One of its main rivals, PageGroup, has created an “innovations group” to find ways of improving the hiring process by making it more digital. That includes making it easier and quicker for candidates to find roles online themselves or for recruiters to single out individuals best suited for a role that has become vacant.
Technology is already replacing some of the more mundane tasks that headhunters typically undertake, such as screening CVs and manually sifting through candidates to draw up a shortlist.
Other developments include recruitment chatbots, a trend towards video CVs and using AI to profile job applicants.
But there is also the risk that the technology recruiters are adopting could cannibalise their own business, by automating their role as intermediaries and the swaths of jobs they would typically find candidates for.

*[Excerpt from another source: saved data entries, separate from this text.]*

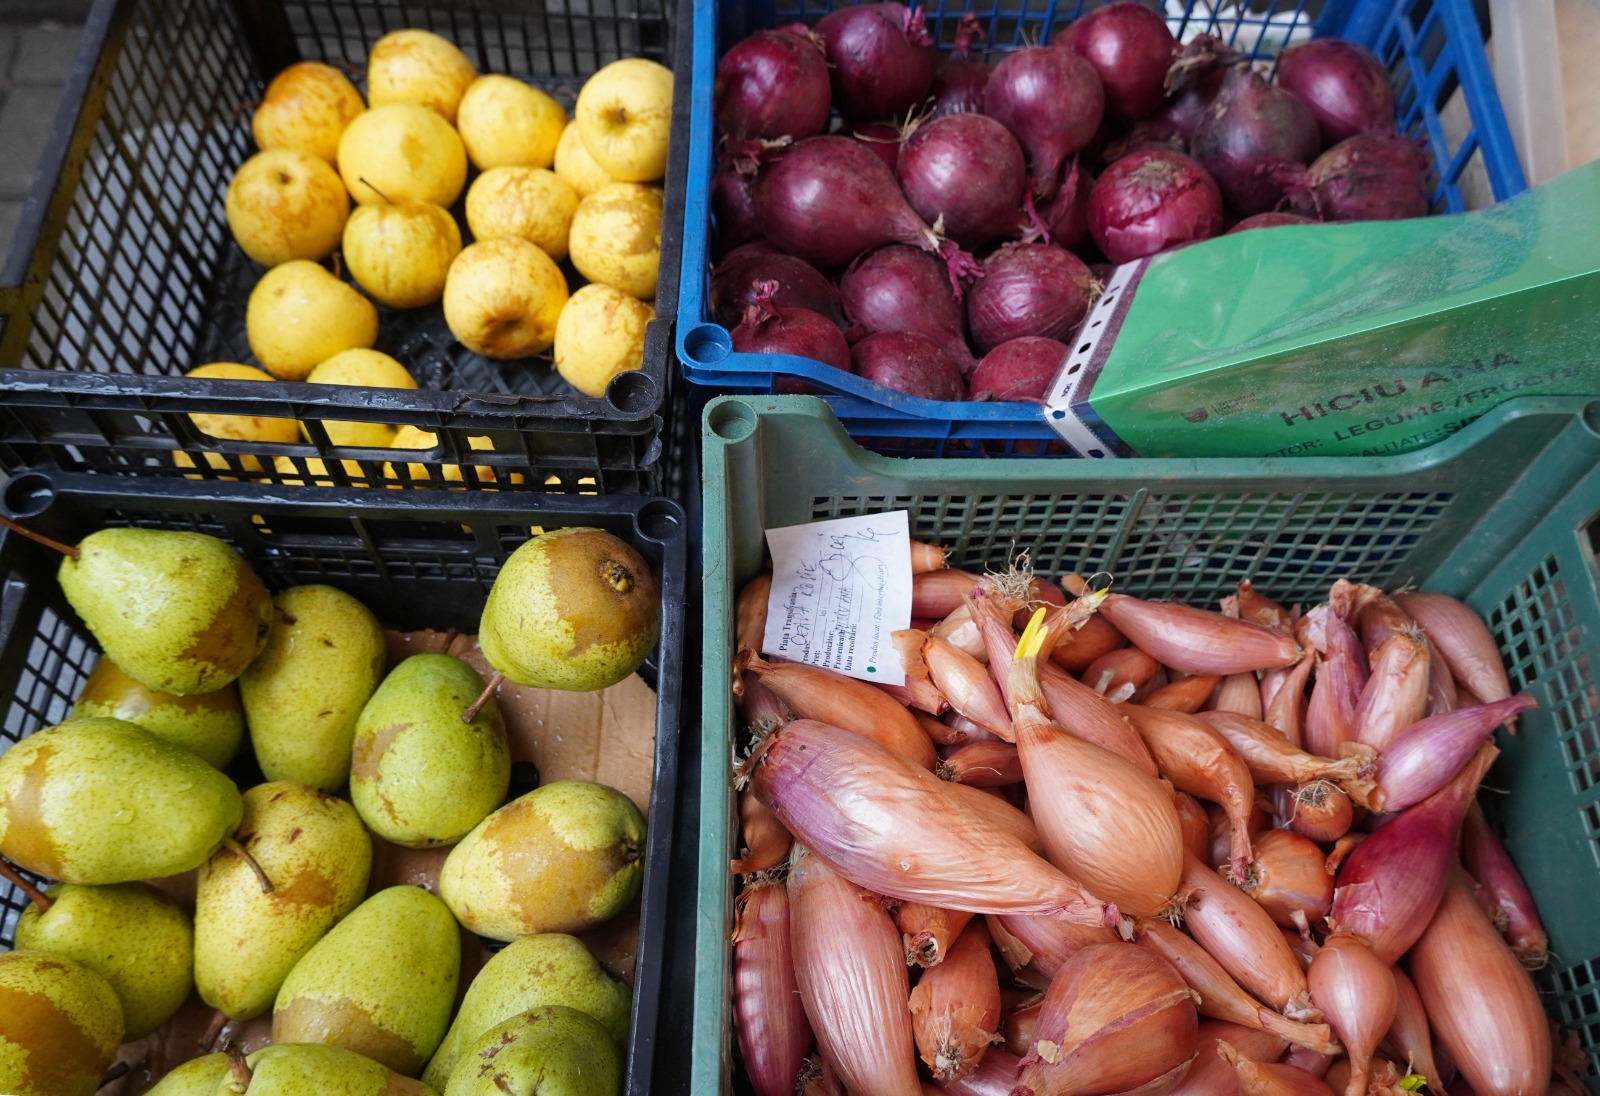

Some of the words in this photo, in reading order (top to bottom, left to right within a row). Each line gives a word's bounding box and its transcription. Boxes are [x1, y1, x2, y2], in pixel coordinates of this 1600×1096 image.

[1279, 379, 1408, 427] HICIU
[1420, 352, 1521, 389] ANA
[1332, 399, 1446, 442] LEGUME
[844, 655, 853, 671] Data
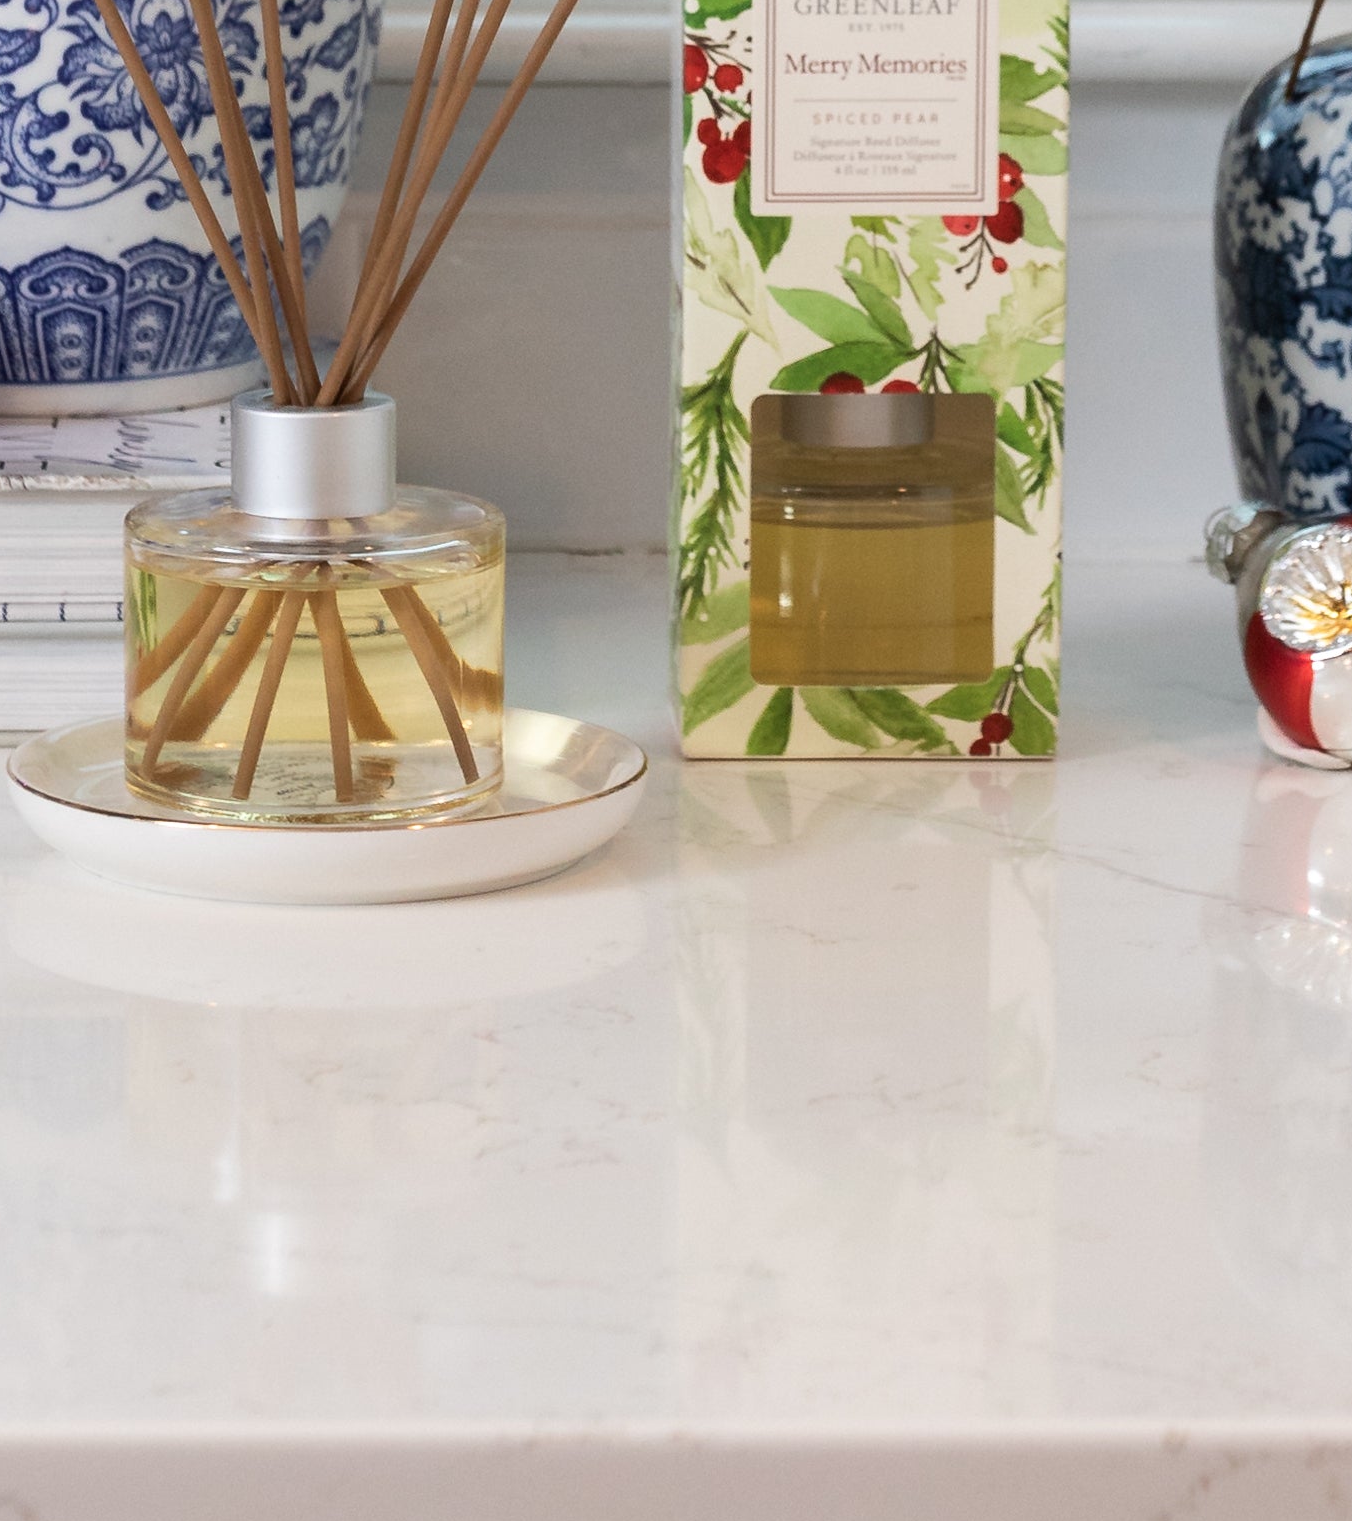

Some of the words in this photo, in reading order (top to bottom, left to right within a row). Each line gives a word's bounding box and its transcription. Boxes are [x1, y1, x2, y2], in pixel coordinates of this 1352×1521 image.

[784, 53, 851, 81] Merry
[859, 52, 968, 75] Memories
[812, 112, 882, 125] SPICED
[893, 112, 939, 125] PEAR

“Technology is having a disruptive impact on the recruitment sector – particularly in the blue-collar sector where perhaps the disparity in skills between candidates is a lot less acute, however, it will hurt across the board at the lower levels of… white collar [jobs ] as well.”
Among blue-collar recruiters, there has been consolidation. Netherlands-based human resources consultancy Randstad bought online recruiter Monster in 2016 and Zurich-based Adecco Group acquired jobs website Vettery in February.
Technology has also offered opportunities to small newcomers such as recruiters specializing in a particular sector. For example, where recruitment companies once had to build their own database of candidates, it is now much easier to find people on networks such as LinkedIn.
But recruiters also argue that the art of job matching will never be fully replaced by science. Technology will free up consultants to be more productive, giving them more time to offer clients tailored advice and develop a wider understanding of the market, they say.
“What will happen is recruiters will actually end up being much more like business consultants rather than doing desktop research,” said Albert Ellis, chief executive of Harvey Nash, a recruiter that specializes in technology.
Still, the automation of jobs remains an impending threat. A recent report by McKinsey forecast that between 400m and 800m people could be displaced by automation by 2030.
By 2030 up to 30% of the hours worked globally could be automated. According to a new report by the McKinsey Global Institute researchers estimate that between 400 million and 800 million people could find themselves displaced by automation and in need of new jobs, depending on how quickly new technologies are adopted. Of this group, as many as 375 million people—about 14% of the global workforce—may need to completely switch occupational categories and learn a new set of skills to find work.